The study included the fact that Chinese industries often rely on imported materials to produce exported goods. While this accounting takes a step beyond previous studies, several assumptions still may make the study incomplete, the researchers concede. For instance, they estimate that manufactured goods produce equal levels of emissions regardless of whether they are exported or sold to domestic buyers. "The exporting industry may be more efficient than the national average due to greater foreign investment and newer technology," said lead author Chris Weber, an environmental engineering assistant professor at Carnegie Mellon University.
Emerging industrializing countries such as China and India are playing a major role in the latest round of international climate negotiations, aimed at developing a successor agreement to the current Kyoto Protocol. As a developing country, China was excused from the Kyoto agreement.
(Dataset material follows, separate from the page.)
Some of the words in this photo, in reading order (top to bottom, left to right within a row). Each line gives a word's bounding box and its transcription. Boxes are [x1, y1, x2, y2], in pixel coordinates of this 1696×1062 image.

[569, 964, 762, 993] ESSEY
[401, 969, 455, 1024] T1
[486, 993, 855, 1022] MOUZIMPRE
The United States, a major importer of Chinese goods, did not ratify the treaty in part out of a concern that the U.S. economy would suffer unless China was included.
Although China is not required to reduce its emissions under current international law, the government is encouraging export industries to transition to more energy-efficient technologies. The goal is to improve energy intensity (the energy required to generate $1 of national income) to 20 percent of the 2005 level by the end of the decade. "China has a very strict regulation for energy intensity for trade products, so they actually discourage exports of energy-intensive, carbon-intensive products...no matter if this product is consumed in China or abroad," said Shui Bin, a research scientist at the U.S. Department of Energy's Pacific Northwest National Laboratory.
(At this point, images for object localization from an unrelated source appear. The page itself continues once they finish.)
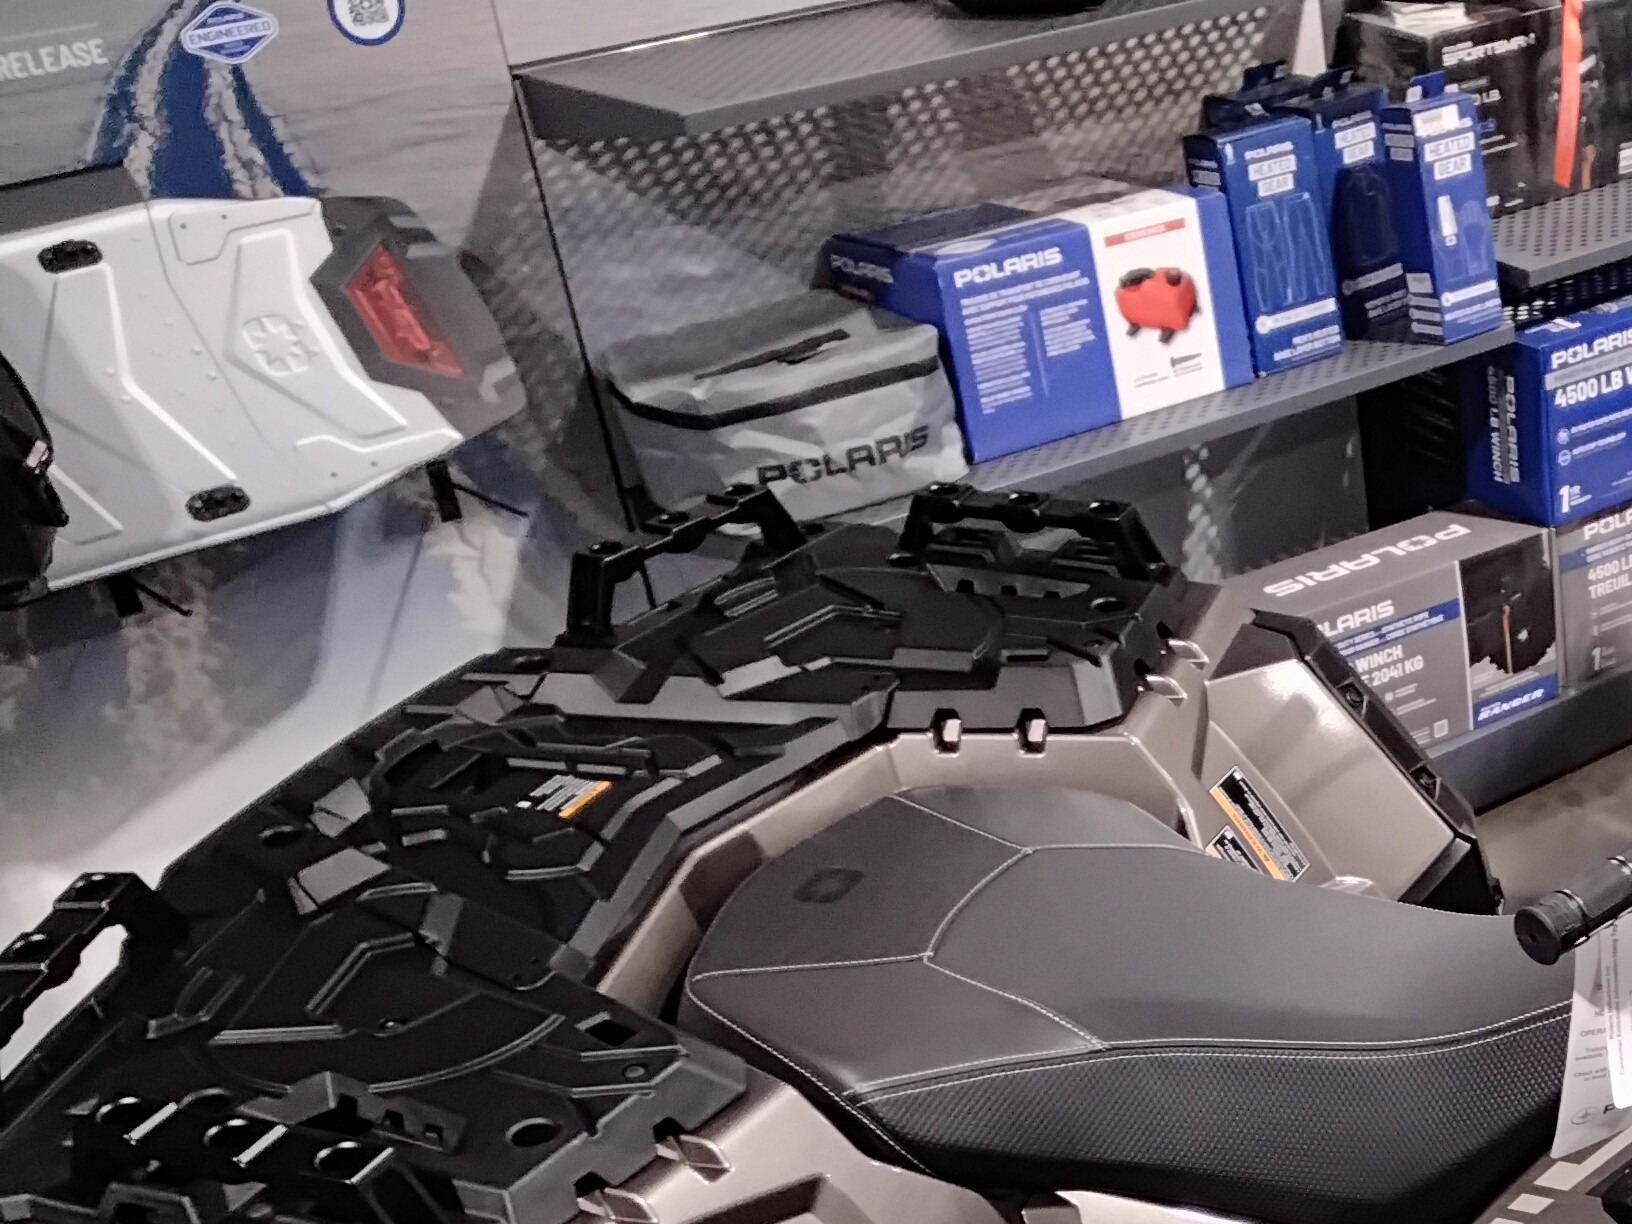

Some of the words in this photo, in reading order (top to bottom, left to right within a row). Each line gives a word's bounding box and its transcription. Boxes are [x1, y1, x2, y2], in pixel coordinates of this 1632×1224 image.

[188, 20, 273, 46] ENGINEERED
[0, 38, 109, 82] RELEASE
[1427, 134, 1473, 160] HEATED
[1436, 156, 1470, 178] GEAR
[953, 247, 1063, 288] POLARIS
[1555, 378, 1599, 407] 4500
[1600, 370, 1624, 395] LB
[1505, 375, 1521, 483] POLARIS
[757, 425, 929, 485] POLARIS
[1263, 523, 1473, 598] POLARIS
[1587, 562, 1620, 582] 4500
[1317, 600, 1395, 638] LARIS
[1355, 644, 1404, 672] WINCH
[1371, 664, 1404, 685] 2041
[1405, 655, 1425, 674] KG
[1477, 688, 1545, 721] RANGER
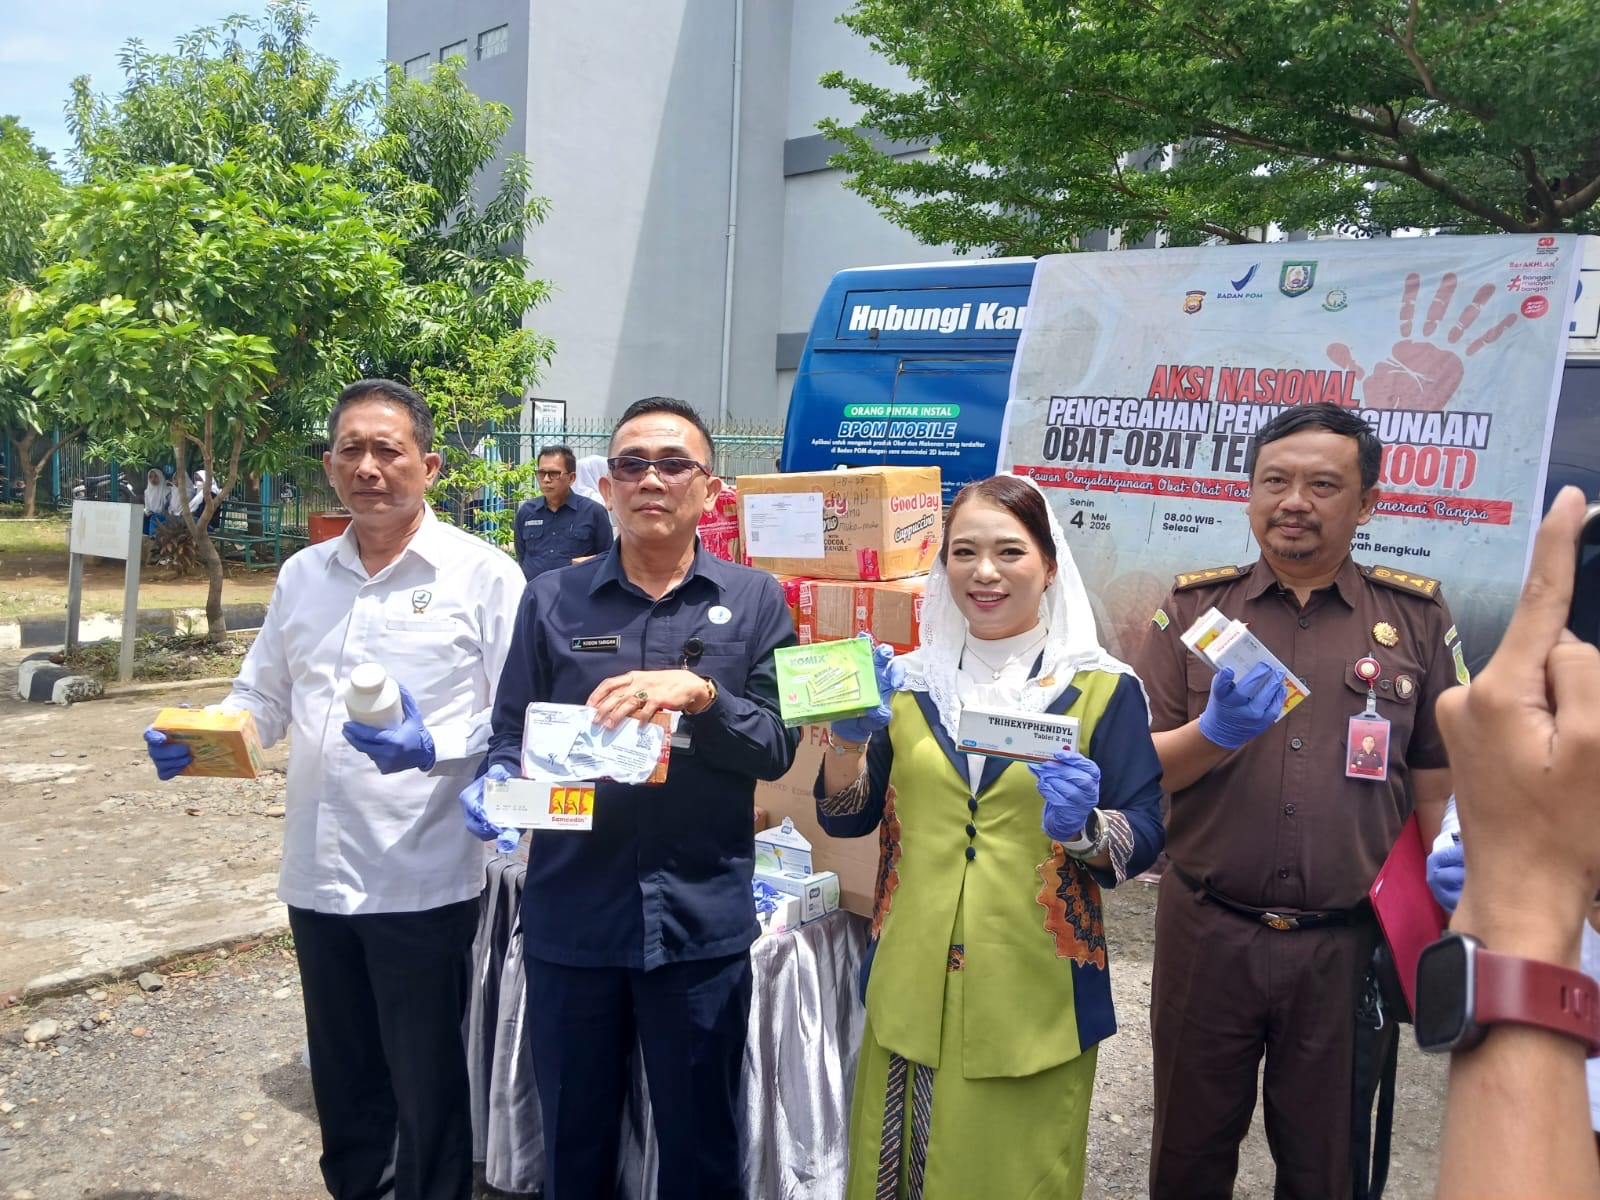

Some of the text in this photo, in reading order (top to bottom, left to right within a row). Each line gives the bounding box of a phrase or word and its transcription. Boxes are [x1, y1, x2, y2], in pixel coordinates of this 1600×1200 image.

[849, 303, 972, 333] Hubungi
[1148, 364, 1360, 408] AKSI NASIONAL
[851, 407, 952, 416] ORANG PINTAR INSTAL
[1048, 396, 1212, 434] PENCEGAHAN
[838, 421, 957, 439] BPOM MOBILE
[1043, 426, 1200, 469] OBAT-OBAT
[1379, 444, 1477, 490] (OOT)
[1065, 471, 1154, 494] Penyalahgunaan
[1158, 478, 1221, 496] Obat-Obat
[891, 493, 939, 512] Good Day
[1069, 498, 1095, 507] Senin
[1070, 510, 1084, 529] 4
[1091, 513, 1107, 521] Mei
[1164, 513, 1192, 524] 08.00
[1195, 515, 1215, 525] WIB
[1433, 501, 1489, 524] Bangsa
[894, 514, 934, 543] Cappuccino
[1090, 522, 1111, 530] 2026
[1162, 522, 1199, 533] Selesai
[1374, 543, 1431, 557] Bengkulu
[790, 655, 826, 667] KOMIX
[988, 716, 1073, 736] TRIHEXYPHENIDYL
[1033, 732, 1054, 741] Tablet
China has had difficulty meeting its efficiency goals, however. In a report released last week, the National Bureau of Statistics said the country's energy intensity during the first six months of 2008 decreased 2.88 percent, well below the target of 4 percent. Last year's reduction was 3.66 percent. "We still need tremendous efforts to achieve the 20 percent goal," said Xie Zenhua, vice minister of the National Development and Reform Commission.
To achieve these targets, the government has begun eliminating tax breaks for less-efficient industries. Earlier this month, tax rebates were removed for companies that export energy-intensive products including pesticides, zinc, and silver. "Out of considerations of energy security and climate change, China has scraped rebates and raised tariffs on a series of energy-intensive exports, including steel and ferrous alloys, to discourage the blind expansion of this sector," said Yingling Liu, China program manager at the Worldwatch Institute.